Collected data entries
'''

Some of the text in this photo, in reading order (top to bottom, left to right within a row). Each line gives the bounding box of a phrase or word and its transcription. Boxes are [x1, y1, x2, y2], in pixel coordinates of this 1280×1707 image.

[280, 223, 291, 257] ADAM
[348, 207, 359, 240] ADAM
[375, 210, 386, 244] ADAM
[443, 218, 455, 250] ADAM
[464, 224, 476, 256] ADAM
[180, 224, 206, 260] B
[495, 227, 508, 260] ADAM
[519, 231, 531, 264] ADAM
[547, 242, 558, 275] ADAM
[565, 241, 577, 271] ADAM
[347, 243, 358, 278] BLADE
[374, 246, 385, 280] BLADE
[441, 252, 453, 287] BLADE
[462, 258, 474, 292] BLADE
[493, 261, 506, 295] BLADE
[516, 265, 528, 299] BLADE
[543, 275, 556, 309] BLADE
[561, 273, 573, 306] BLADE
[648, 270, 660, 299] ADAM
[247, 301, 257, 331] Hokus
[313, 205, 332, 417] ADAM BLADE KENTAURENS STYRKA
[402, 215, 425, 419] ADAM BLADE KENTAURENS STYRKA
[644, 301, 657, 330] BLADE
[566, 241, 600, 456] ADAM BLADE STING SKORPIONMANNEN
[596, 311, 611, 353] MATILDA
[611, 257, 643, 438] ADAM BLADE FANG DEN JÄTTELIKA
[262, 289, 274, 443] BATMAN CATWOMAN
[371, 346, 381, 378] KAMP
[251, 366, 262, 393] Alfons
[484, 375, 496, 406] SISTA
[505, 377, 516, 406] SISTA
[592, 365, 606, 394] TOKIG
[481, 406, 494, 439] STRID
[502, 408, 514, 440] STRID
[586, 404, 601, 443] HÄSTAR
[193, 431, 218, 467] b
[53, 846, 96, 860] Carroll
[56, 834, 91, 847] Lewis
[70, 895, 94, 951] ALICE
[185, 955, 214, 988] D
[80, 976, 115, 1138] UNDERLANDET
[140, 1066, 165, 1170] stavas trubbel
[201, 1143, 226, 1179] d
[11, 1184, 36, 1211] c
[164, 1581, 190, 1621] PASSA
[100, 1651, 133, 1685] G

'''

=== ABOUT THIS EXERCISE ===
Retype the entries exactly, please. Leave no line out.

=== FINISHED TASK ===
Some of the text in this photo, in reading order (top to bottom, left to right within a row). Each line gives the bounding box of a phrase or word and its transcription. Boxes are [x1, y1, x2, y2], in pixel coordinates of this 1280×1707 image.

[280, 223, 291, 257] ADAM
[348, 207, 359, 240] ADAM
[375, 210, 386, 244] ADAM
[443, 218, 455, 250] ADAM
[464, 224, 476, 256] ADAM
[180, 224, 206, 260] B
[495, 227, 508, 260] ADAM
[519, 231, 531, 264] ADAM
[547, 242, 558, 275] ADAM
[565, 241, 577, 271] ADAM
[347, 243, 358, 278] BLADE
[374, 246, 385, 280] BLADE
[441, 252, 453, 287] BLADE
[462, 258, 474, 292] BLADE
[493, 261, 506, 295] BLADE
[516, 265, 528, 299] BLADE
[543, 275, 556, 309] BLADE
[561, 273, 573, 306] BLADE
[648, 270, 660, 299] ADAM
[247, 301, 257, 331] Hokus
[313, 205, 332, 417] ADAM BLADE KENTAURENS STYRKA
[402, 215, 425, 419] ADAM BLADE KENTAURENS STYRKA
[644, 301, 657, 330] BLADE
[566, 241, 600, 456] ADAM BLADE STING SKORPIONMANNEN
[596, 311, 611, 353] MATILDA
[611, 257, 643, 438] ADAM BLADE FANG DEN JÄTTELIKA
[262, 289, 274, 443] BATMAN CATWOMAN
[371, 346, 381, 378] KAMP
[251, 366, 262, 393] Alfons
[484, 375, 496, 406] SISTA
[505, 377, 516, 406] SISTA
[592, 365, 606, 394] TOKIG
[481, 406, 494, 439] STRID
[502, 408, 514, 440] STRID
[586, 404, 601, 443] HÄSTAR
[193, 431, 218, 467] b
[53, 846, 96, 860] Carroll
[56, 834, 91, 847] Lewis
[70, 895, 94, 951] ALICE
[185, 955, 214, 988] D
[80, 976, 115, 1138] UNDERLANDET
[140, 1066, 165, 1170] stavas trubbel
[201, 1143, 226, 1179] d
[11, 1184, 36, 1211] c
[164, 1581, 190, 1621] PASSA
[100, 1651, 133, 1685] G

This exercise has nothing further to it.